Roganda always had that effect on her.  She knew, from experience that neither 
mother nor son would notice her absence for a time.  When together, they were 
like lovers whispering, heads together, shameless.   Banishing the thought with a 
disgusted grimace, she followed them up the path to the house.

	Roganda settled into the house over the days, taking over a small room on 
the first floor.  The two women vied for Irek's attention, a situation he seemed to 
enjoy.  But, as time passed, Daala found herself, more and more often, retreating 
to the side verandah.  Often, she just gazed into the distance, thinking.  For the 
first time in her life, she thought about her time in the Imperial Navy, about how 
she'd had to struggle, how she'd been stymied at each turn.  She thought long and 
hard about Moff Tarkin, her mentor and lover, who had advanced her career.   
Reluctantly she had to consider  what his motives really were, what he had really 
wanted out of her. 

	She remembered the years of stillness, completely isolated at the Maw 
Installation, going through exercises, plotting ever more intricate and complicated 
military maneuvers, training, always training.  A lot of good it had done her, she 
thought bitterly.  She had been so prepared, so thorough, so smart.   But not 
before one  Jedi adept had came along and almost wiped her out.   A twinge of 
mortification swept through her.  The harsh words, the unkind references, the 
jokes, they all swam back through streams of memory, taunting, hurting.   That's 
what she was now, a joke. 

	Time went by and the birds settled around her, accepting her as a natural 
part of their environment.  She, for her turn, after a period of resistance, began to 
feed them and, in secret, make over their small accomplishments.  She even had a 
few of the bolder ones eating out of her hands.  When she thought about it, she 
found herself grimacing and wondered, but only half-heartedly, what her enemies 
in the New Republic would say if they knew that the violently temperamental, 
erstwhile admiral, Jelila Daala was content these days just to sit and feed a few 
stray birds.  

	The days passed. The birds raised their young with a frantic enthusiasm.  
Daala kept the house in the absence of  housekeeping and cleaning droids  while  
Irek trained with his mother.  The components planted into his head when he was 
but an infant were now a full part of his mind.

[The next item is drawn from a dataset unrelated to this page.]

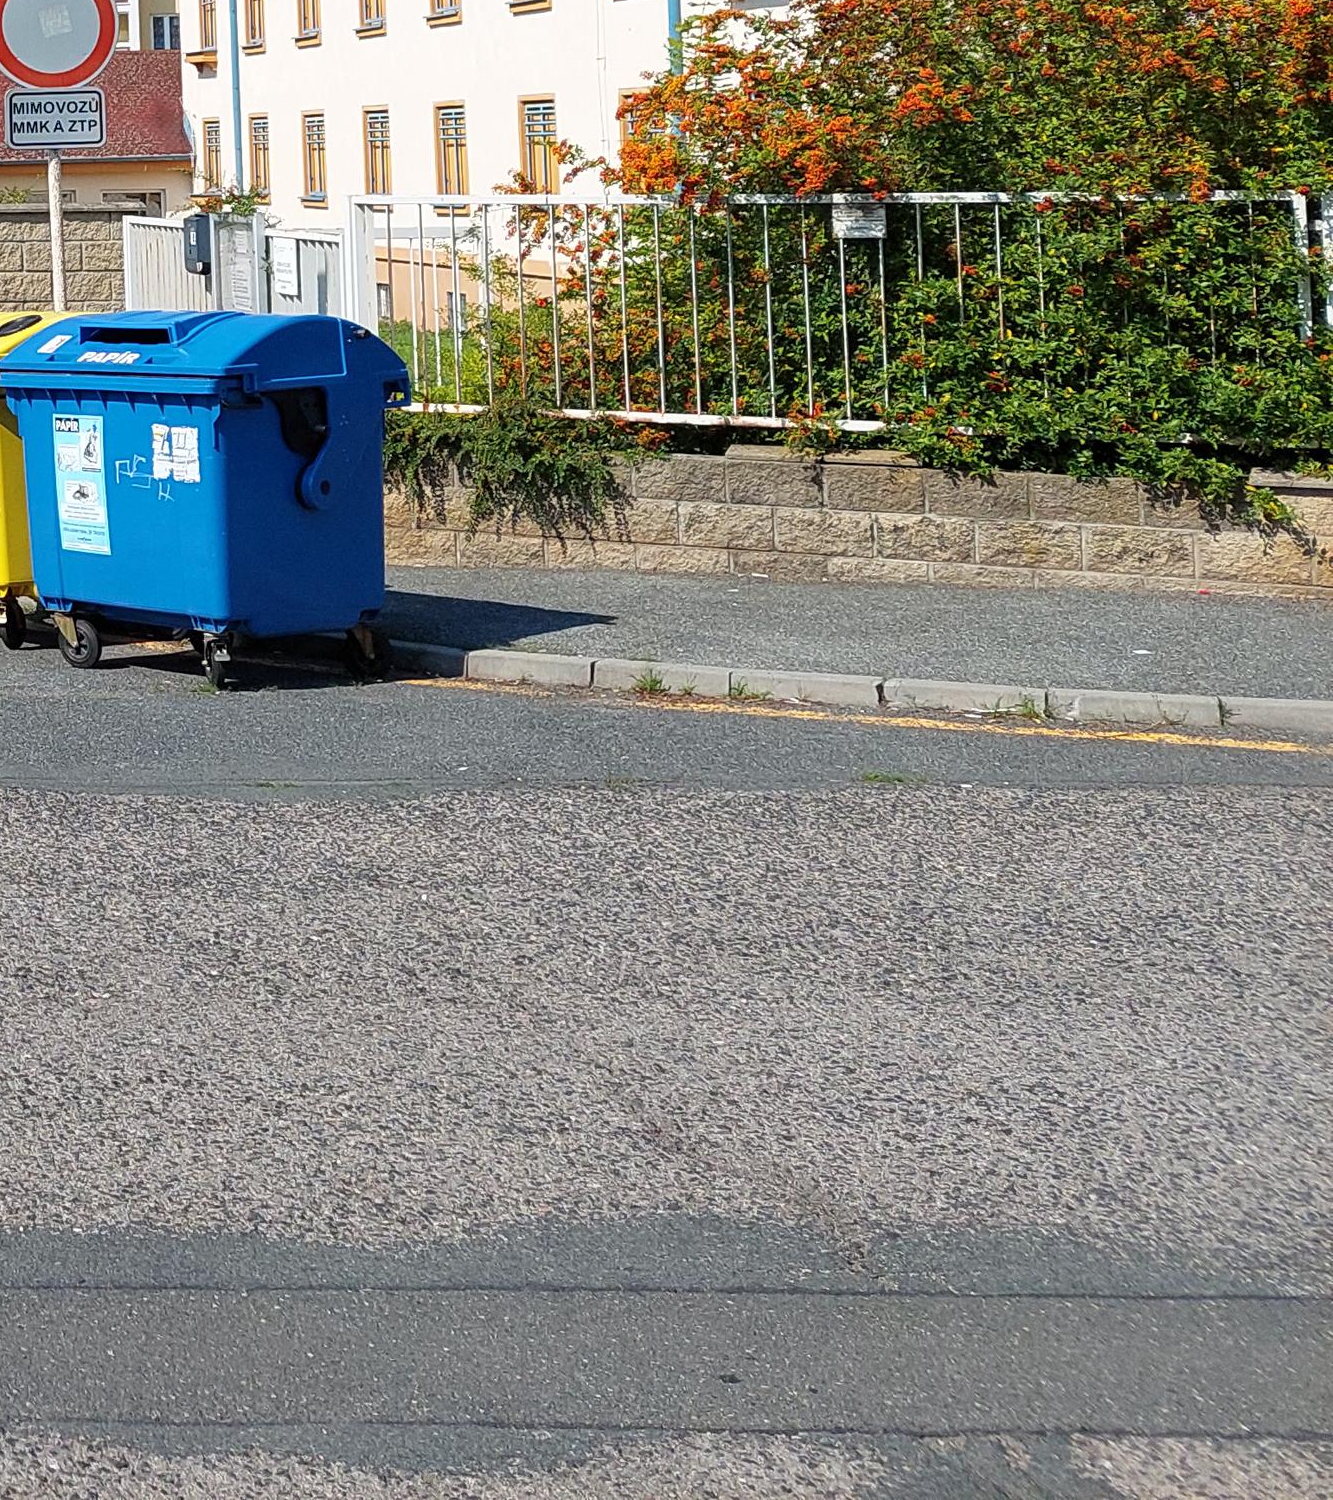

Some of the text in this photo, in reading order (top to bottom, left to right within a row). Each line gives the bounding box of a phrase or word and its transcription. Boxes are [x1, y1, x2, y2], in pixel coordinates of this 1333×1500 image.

[13, 119, 97, 134] MMK A ZTP
[77, 351, 140, 364] PAPÍR
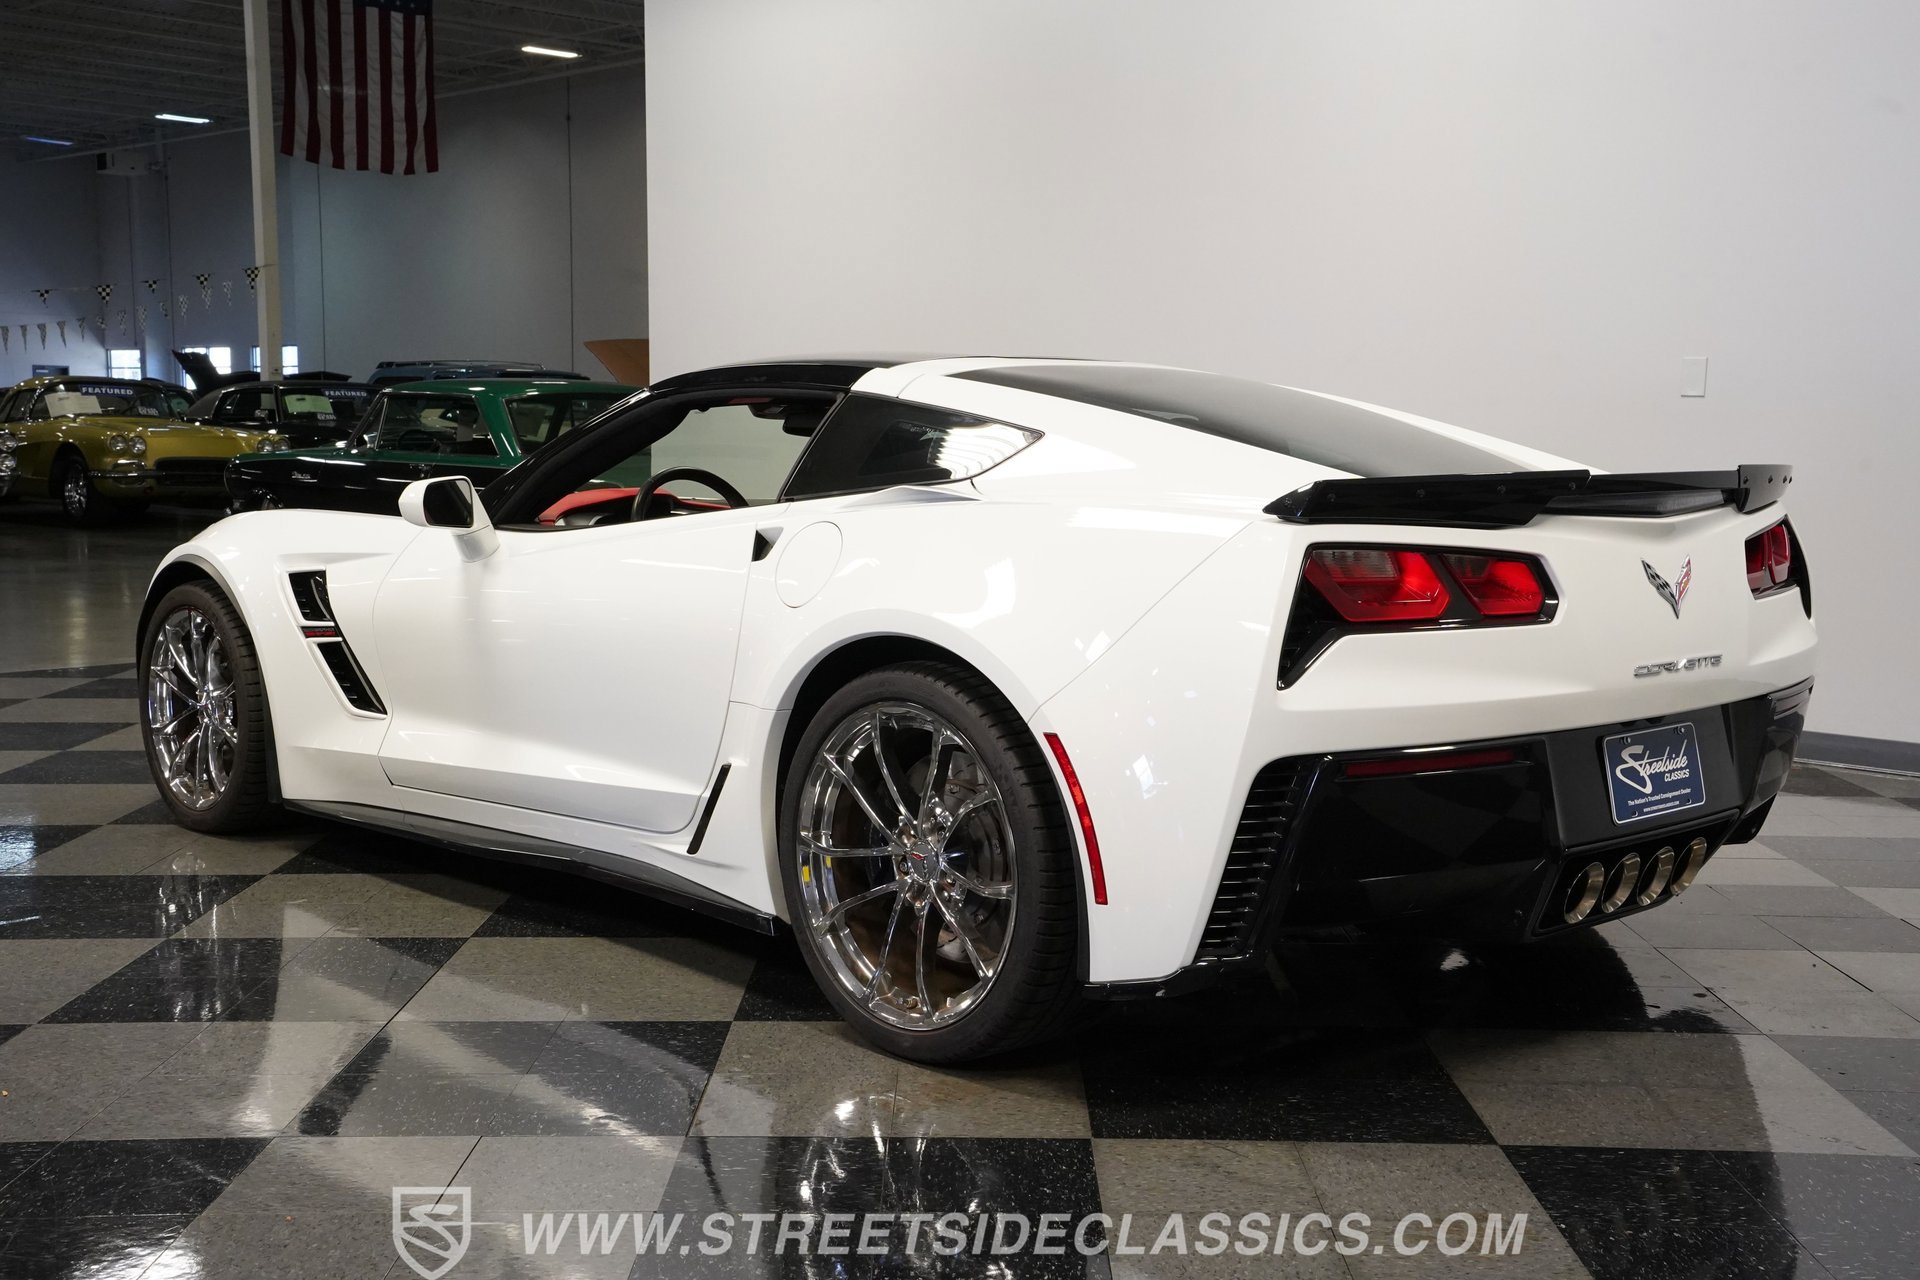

	And his organic, jedi powers had grown immensely.  He had always been 
gifted with the Force and he was developing beyond even Roganda's wildest 
dreams.  But still,  Daala knew that Roganda was not satisfied.  Roganda knew 
well, as did Daala herself, the power that ran in the Skywalker family, knew how 
powerful Luke and his sister had become.  They were, against all odds, formidable 
opponents.  Still, everyone had their weaknesses, and Daala knew, one of 
Roganda's talents was searching out weakness.  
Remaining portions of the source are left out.